• [TO DO]: Print the whole listing below exactly, skipping every picture.

• [DATASET ENTRIES]:
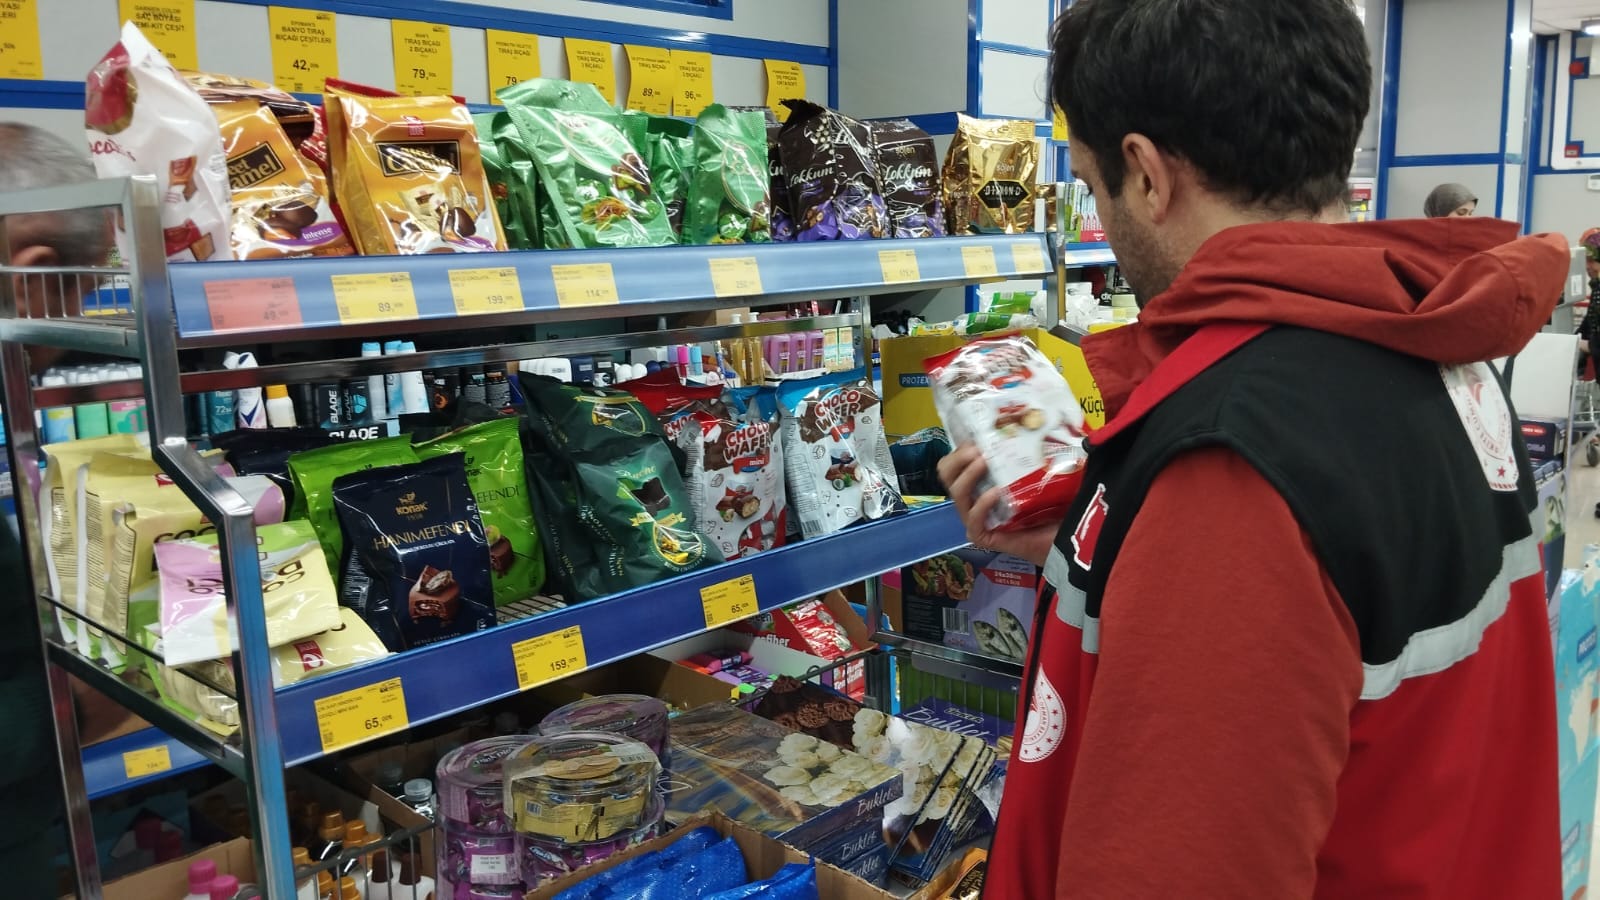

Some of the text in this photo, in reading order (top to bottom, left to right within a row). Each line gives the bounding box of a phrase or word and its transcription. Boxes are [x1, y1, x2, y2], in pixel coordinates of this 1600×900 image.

[227, 159, 250, 175] eet
[230, 153, 277, 189] amel
[328, 389, 338, 424] BLADE
[814, 390, 861, 418] CHOCO
[814, 403, 862, 432] WAFER
[722, 436, 772, 464] WAFER
[476, 484, 520, 504] EFENDİ
[856, 789, 894, 817] Buklet
[841, 831, 877, 860] Buklet
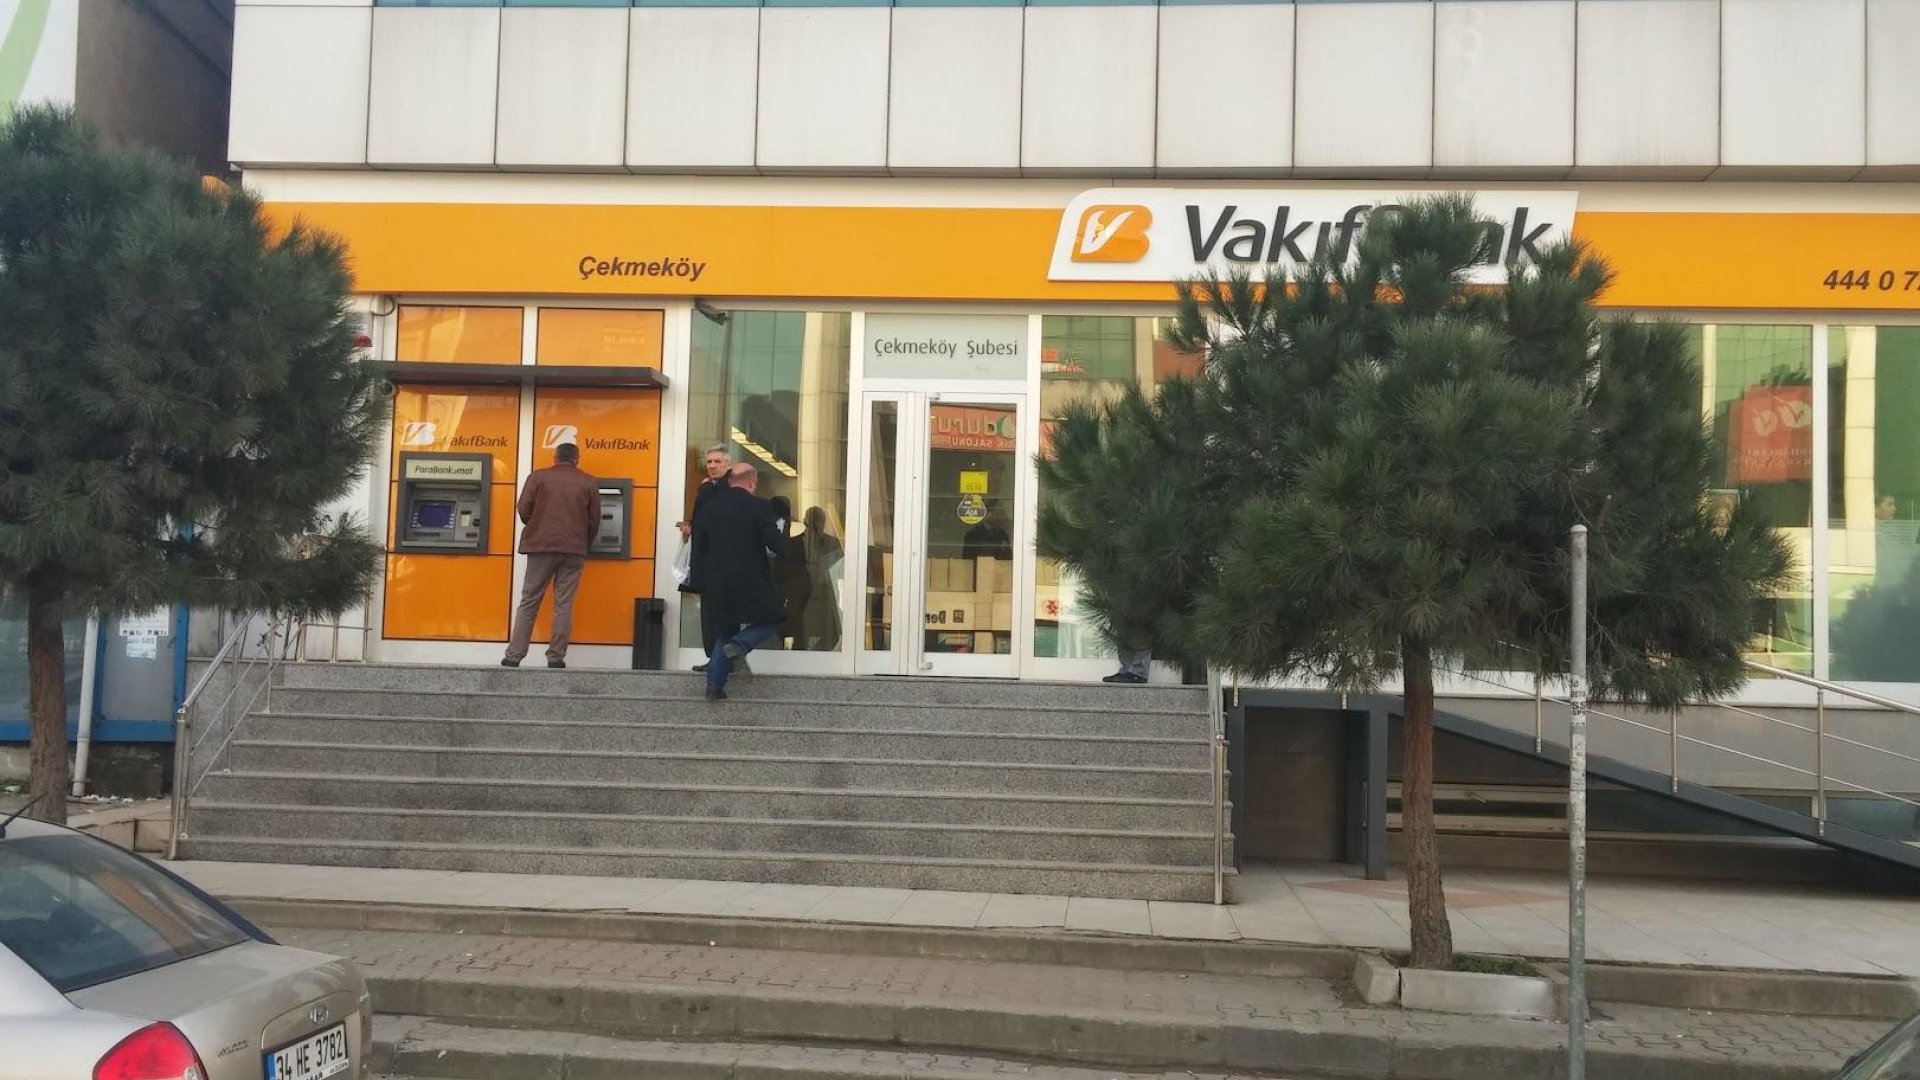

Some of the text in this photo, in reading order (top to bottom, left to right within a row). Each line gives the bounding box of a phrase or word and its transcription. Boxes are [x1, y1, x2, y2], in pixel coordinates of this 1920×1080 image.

[579, 256, 706, 281] Çekmeköy
[1823, 270, 1920, 291] 444 0 7
[874, 337, 1018, 358] Çekmeköy Şubesi
[585, 438, 651, 451] VakıfBank
[277, 1053, 291, 1080] 34
[296, 1043, 310, 1077] HE
[316, 1031, 343, 1067] 3782
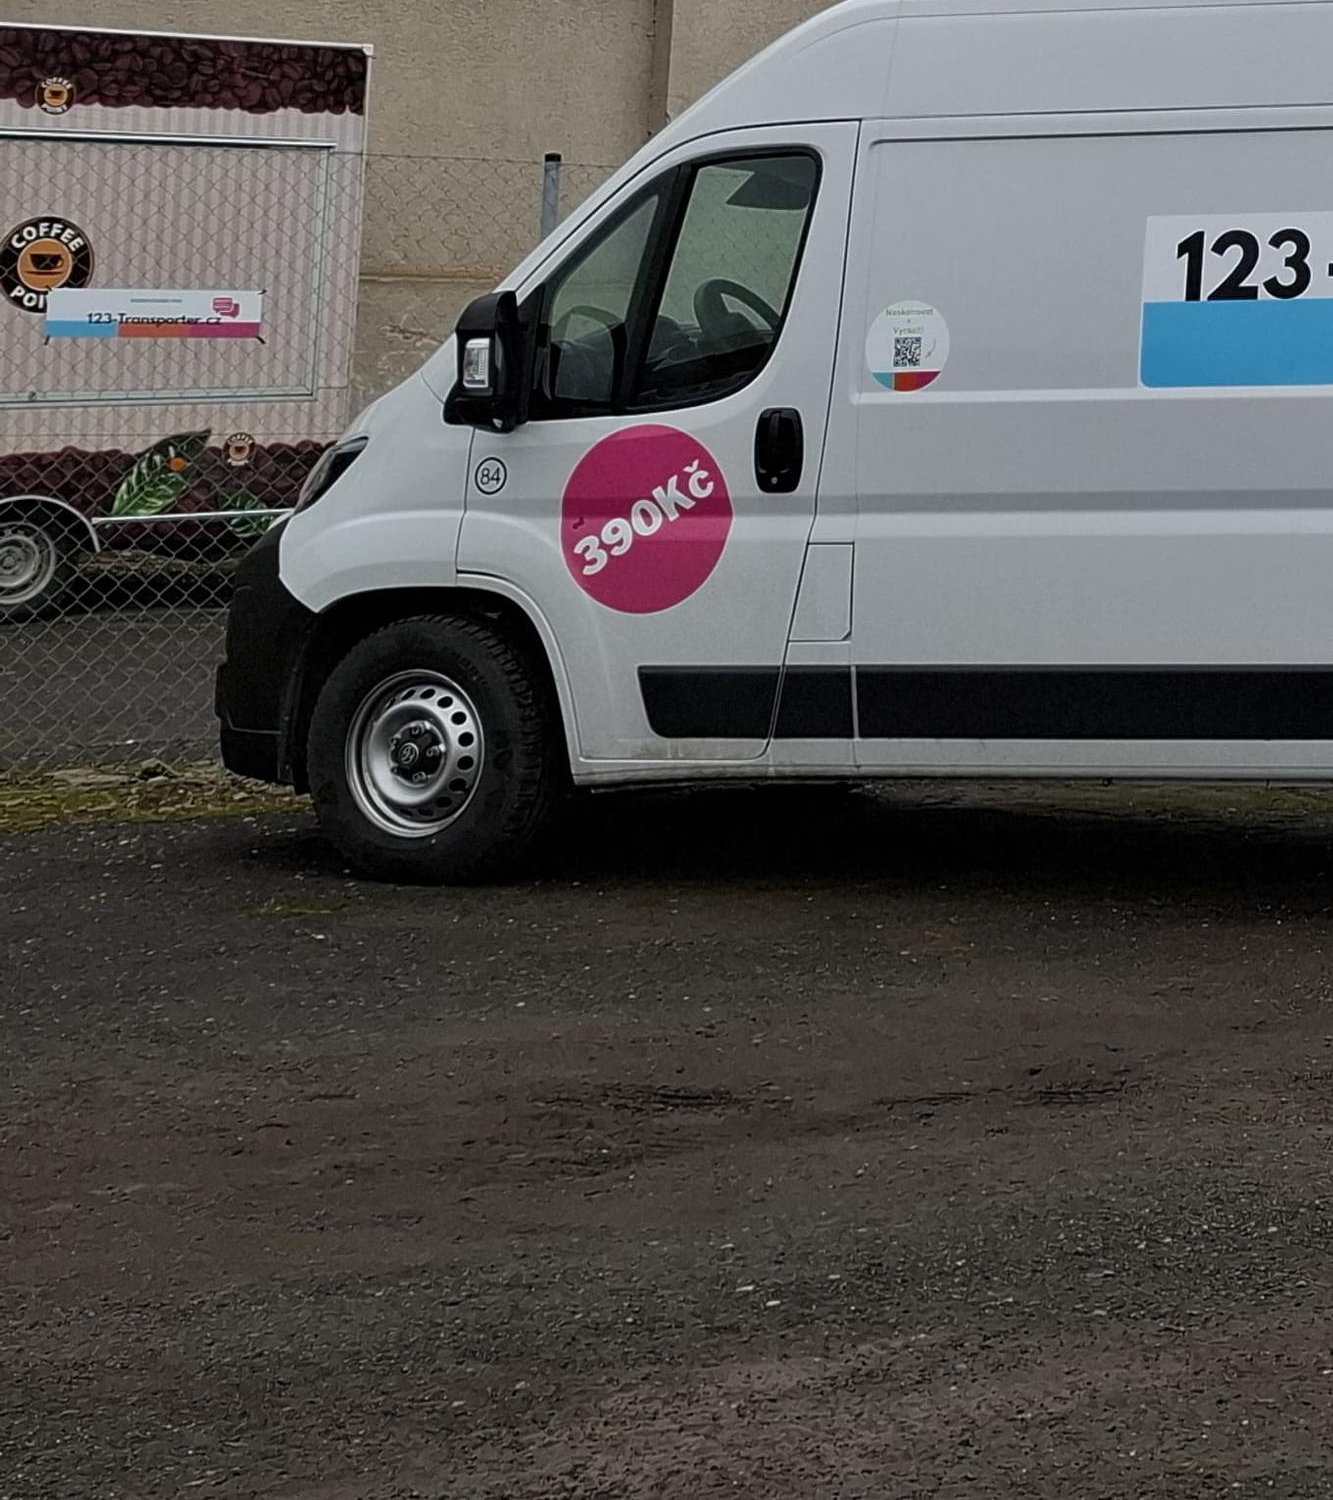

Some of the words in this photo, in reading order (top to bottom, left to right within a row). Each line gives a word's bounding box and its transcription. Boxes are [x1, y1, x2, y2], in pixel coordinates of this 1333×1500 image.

[11, 222, 84, 252] COFFEE
[10, 285, 45, 309] POI
[86, 313, 222, 328] 123-Transporter.cz
[480, 467, 501, 486] 84
[573, 459, 715, 576] 390Kč

• [WRITTEN REPLY]:
Some of the text in this photo, in reading order (top to bottom, left to right within a row). Each line gives the bounding box of a phrase or word and its transcription. Boxes are [x1, y1, x2, y2], in pixel coordinates of this 1600×900 image.

[227, 159, 250, 175] eet
[230, 153, 277, 189] amel
[328, 389, 338, 424] BLADE
[814, 390, 861, 418] CHOCO
[814, 403, 862, 432] WAFER
[722, 436, 772, 464] WAFER
[476, 484, 520, 504] EFENDİ
[856, 789, 894, 817] Buklet
[841, 831, 877, 860] Buklet

Some of the text in this photo, in reading order (top to bottom, left to right within a row). Each line gives the bounding box of a phrase or word and its transcription. Boxes are [x1, y1, x2, y2], in pixel coordinates of this 1920×1080 image.

[579, 256, 706, 281] Çekmeköy
[1823, 270, 1920, 291] 444 0 7
[874, 337, 1018, 358] Çekmeköy Şubesi
[585, 438, 651, 451] VakıfBank
[277, 1053, 291, 1080] 34
[296, 1043, 310, 1077] HE
[316, 1031, 343, 1067] 3782

Some of the words in this photo, in reading order (top to bottom, left to right within a row). Each line gives a word's bounding box and its transcription. Boxes are [x1, y1, x2, y2], in pixel coordinates of this 1333×1500 image.

[11, 222, 84, 252] COFFEE
[10, 285, 45, 309] POI
[86, 313, 222, 328] 123-Transporter.cz
[480, 467, 501, 486] 84
[573, 459, 715, 576] 390Kč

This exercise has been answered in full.